Dans ce moment, les rayons de la lune nous enveloppaient. Je voyais le prince aussi clairement qu’en plein jour et lui me voyait de même.

Il parut surpris de ma question et me regarda bien en face, non plus comme un Dieu prêt à me foudroyer, seulement comme un homme étonné. Il est vrai que les larmes couvrant mes joues, je devais avoir un air bien étrange.

Savez-vous ce qu’il fit ? Il tira son mouchoir de sa poche, m’essuya le visage et me fit asseoir sur un banc où il se mit à côté de moi ; mais je tombai sur mes genoux, je laissai aller ma tête sur les siens et je sanglotai amèrement ; amèrement, sans doute, mais avec un soulagement profond.

— Ce qu’elle m’a dit ? poursuivit le prince sans prendre garde à ce qui arrivait, elle m’a raconté ce qui s’est passé entre vous depuis la rencontre chez le bijoutier.
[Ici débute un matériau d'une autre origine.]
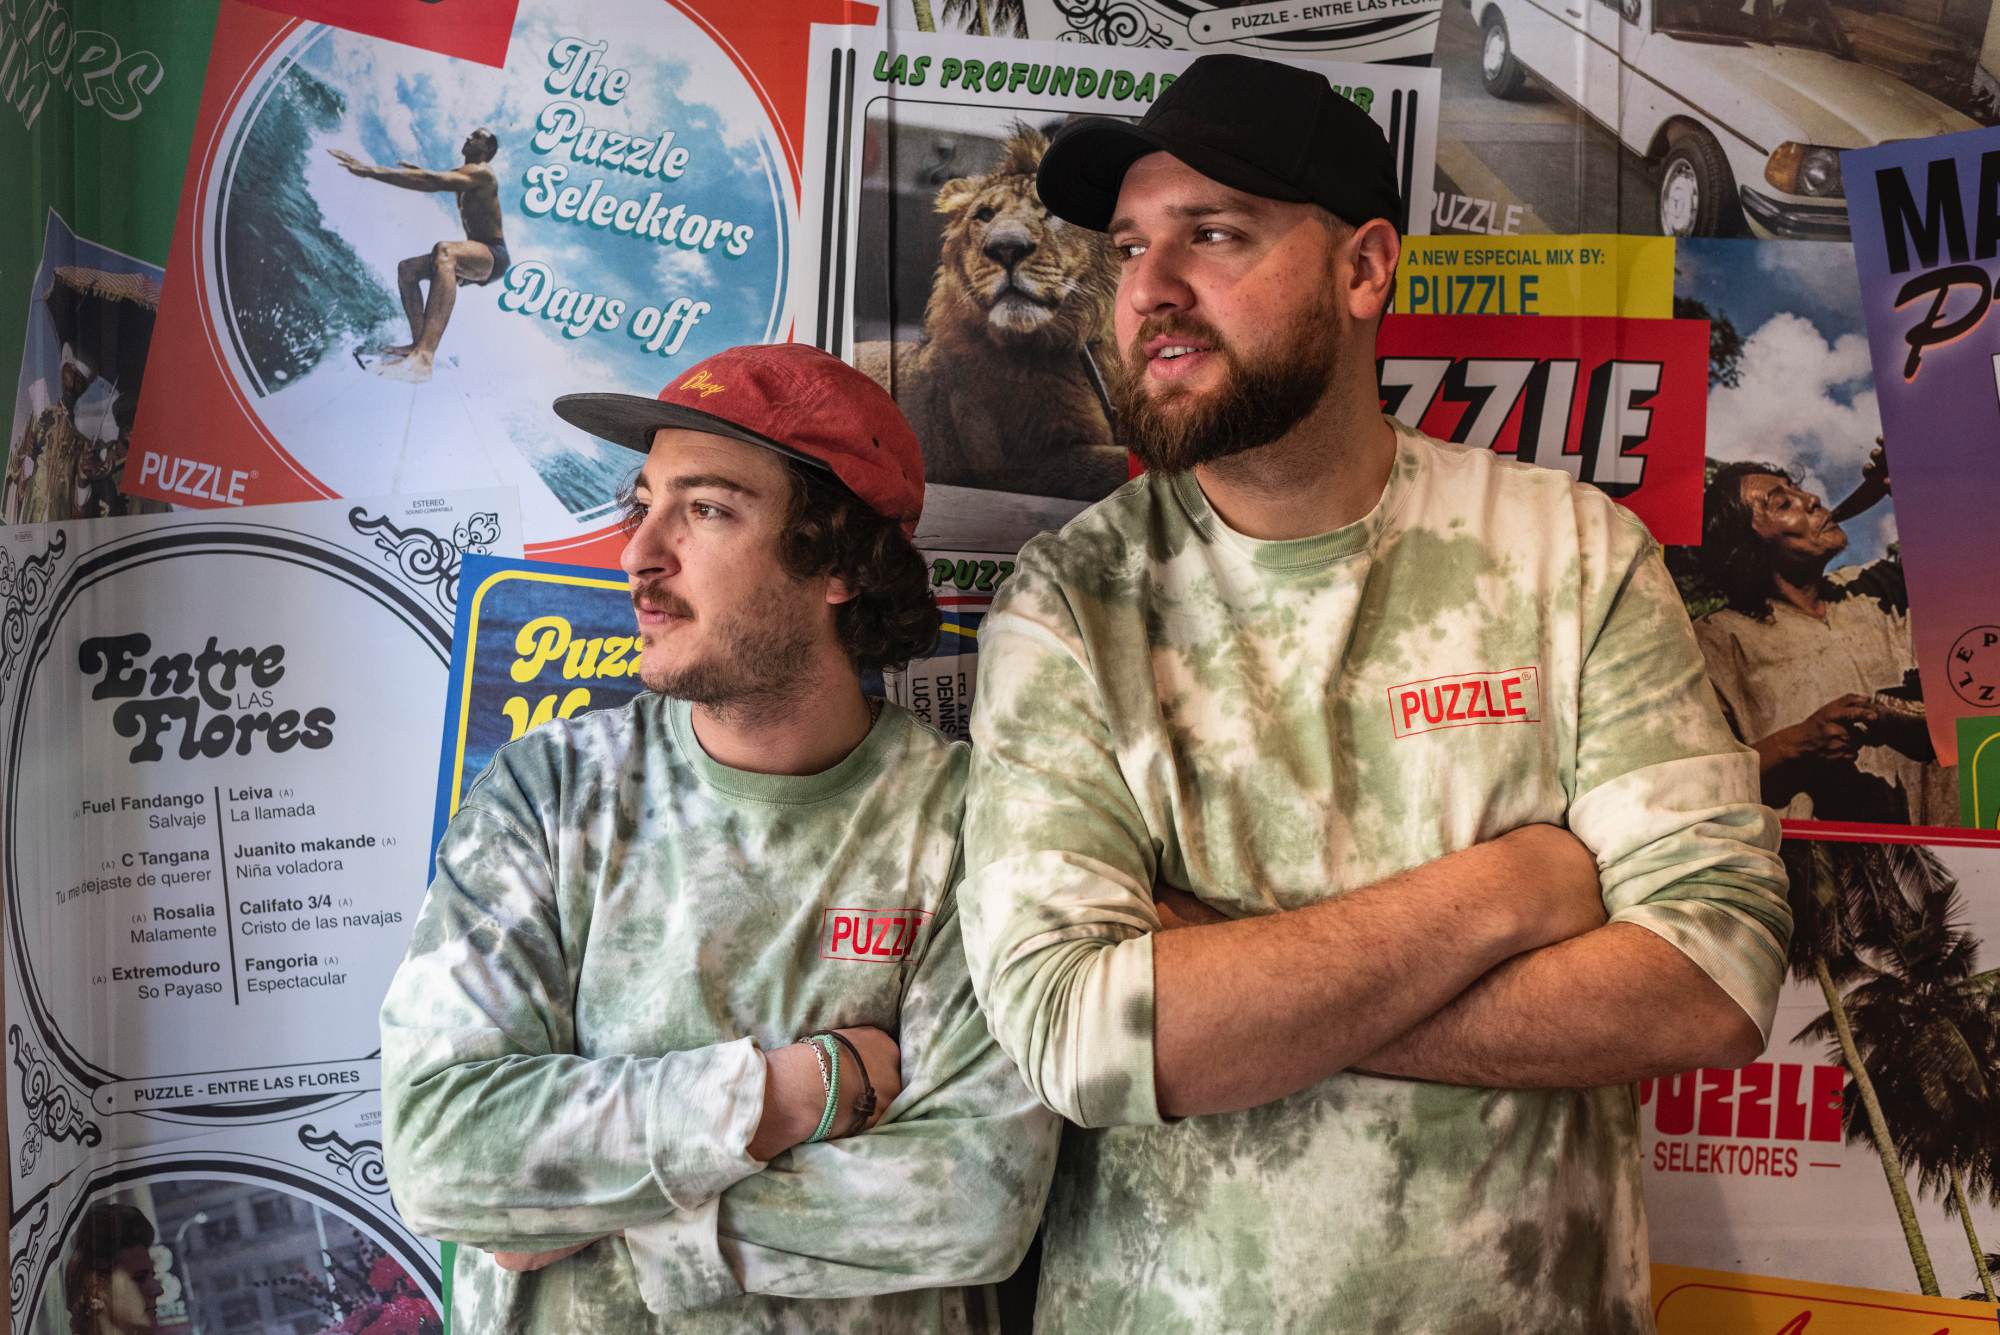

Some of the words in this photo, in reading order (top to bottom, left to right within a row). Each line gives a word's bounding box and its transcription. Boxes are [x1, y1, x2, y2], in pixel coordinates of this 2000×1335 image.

Elle prétend que tu es amoureux d’elle, mais que tu ne veux pas et que tu ne peux pas le comprendre. Elle m’assure qu’elle ne t’aime pas plus qu’elle ne m’aime moi-même et qu’elle n’a jamais aimé personne ; mais, que se trouvant envers moi des devoirs qu’envers toi elle n’a pas, elle a l’intention de rompre vos relations.

— Elle l’a fait.

— Elle l’a fait ?

— Elle m’a défendu ce soir de reparaître jamais chez elle.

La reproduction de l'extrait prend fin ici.